§ **ASSIGNED TASK**:
A faithful transcript of every entry is required; pictures do not belong in it.

BEGIN RECORDS FOR THE EXERCISE

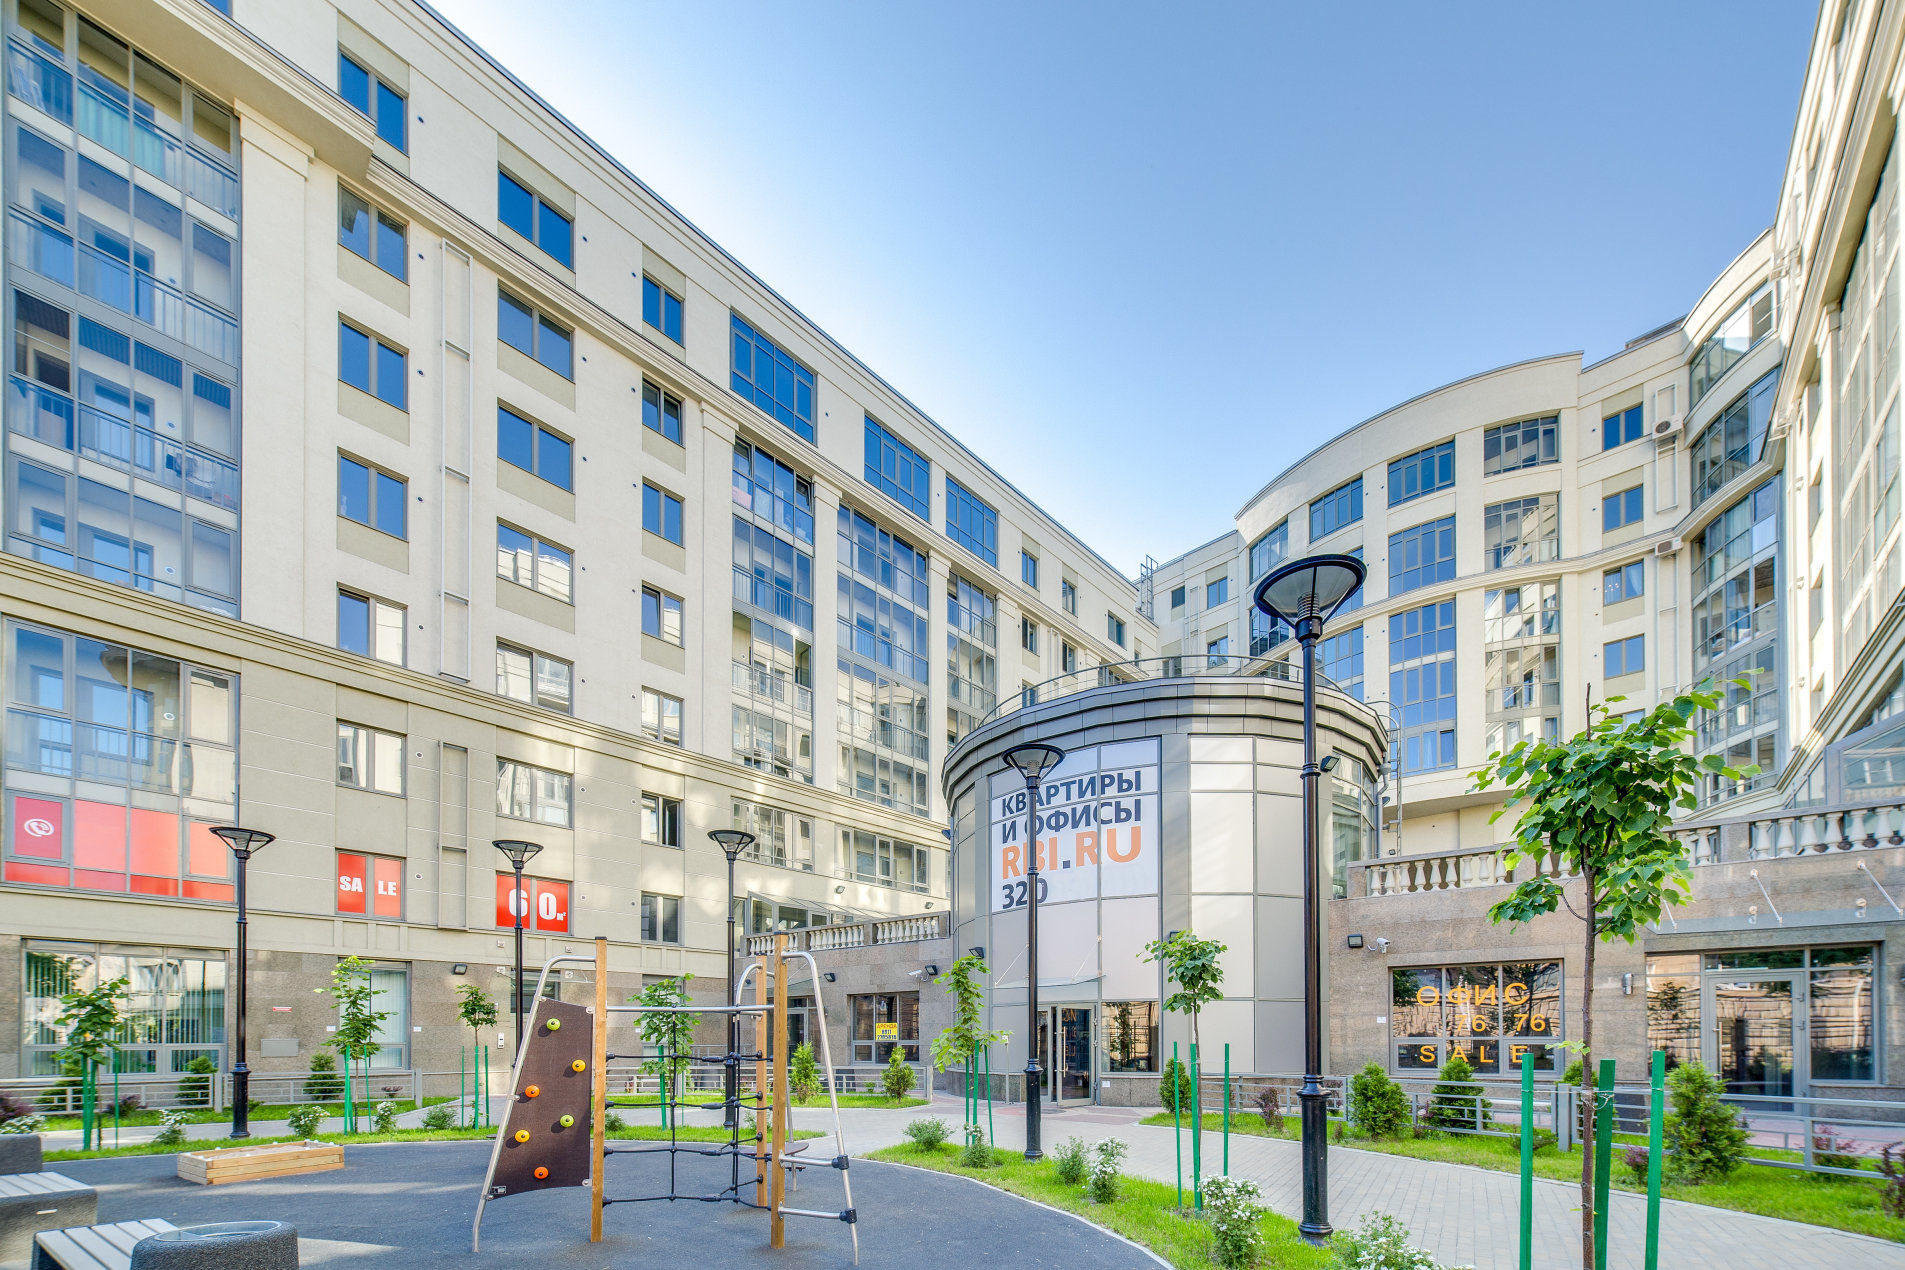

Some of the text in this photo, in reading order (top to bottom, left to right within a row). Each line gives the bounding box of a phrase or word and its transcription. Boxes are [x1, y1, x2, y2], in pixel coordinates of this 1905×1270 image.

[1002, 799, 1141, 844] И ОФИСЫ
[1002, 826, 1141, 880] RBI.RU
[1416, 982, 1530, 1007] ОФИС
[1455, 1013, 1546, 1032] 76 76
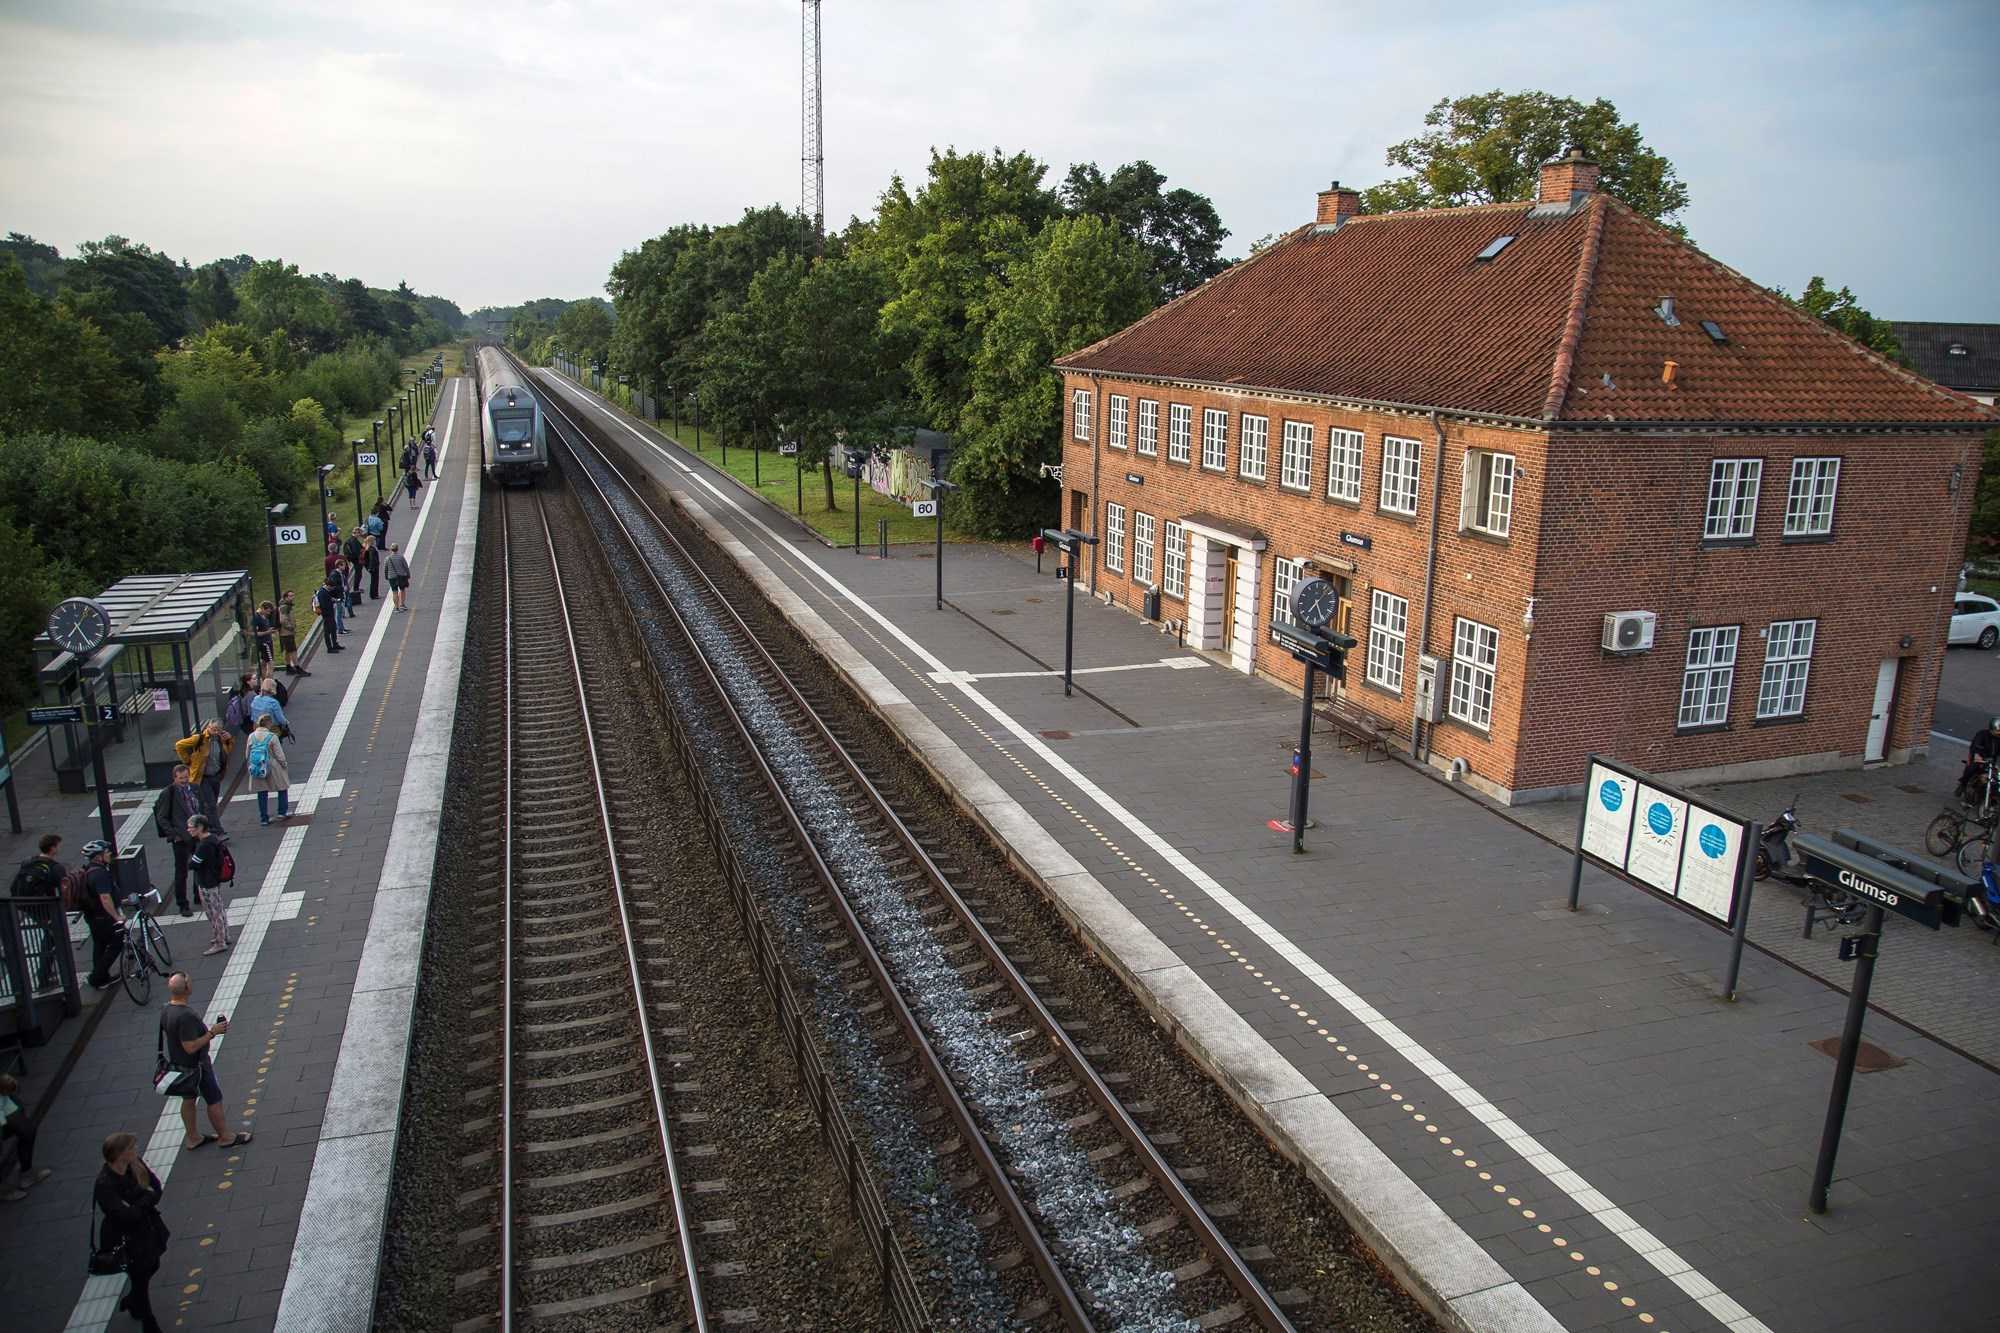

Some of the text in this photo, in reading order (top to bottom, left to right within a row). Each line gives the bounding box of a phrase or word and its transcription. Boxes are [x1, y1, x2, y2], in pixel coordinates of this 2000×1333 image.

END RECORDS FOR THE EXERCISE

§ **ANSWER FOR THIS EXERCISE**:
Some of the text in this photo, in reading order (top to bottom, left to right within a row). Each line gives the bounding box of a phrase or word and its transcription. Boxes are [x1, y1, x2, y2], in pixel coordinates of this 1905×1270 image.

[1002, 799, 1141, 844] И ОФИСЫ
[1002, 826, 1141, 880] RBI.RU
[1416, 982, 1530, 1007] ОФИС
[1455, 1013, 1546, 1032] 76 76

Some of the text in this photo, in reading order (top to bottom, left to right within a row). Each line gives the bounding box of a phrase or word and its transcription. Boxes are [x1, y1, x2, y2], in pixel coordinates of this 2000×1333 image.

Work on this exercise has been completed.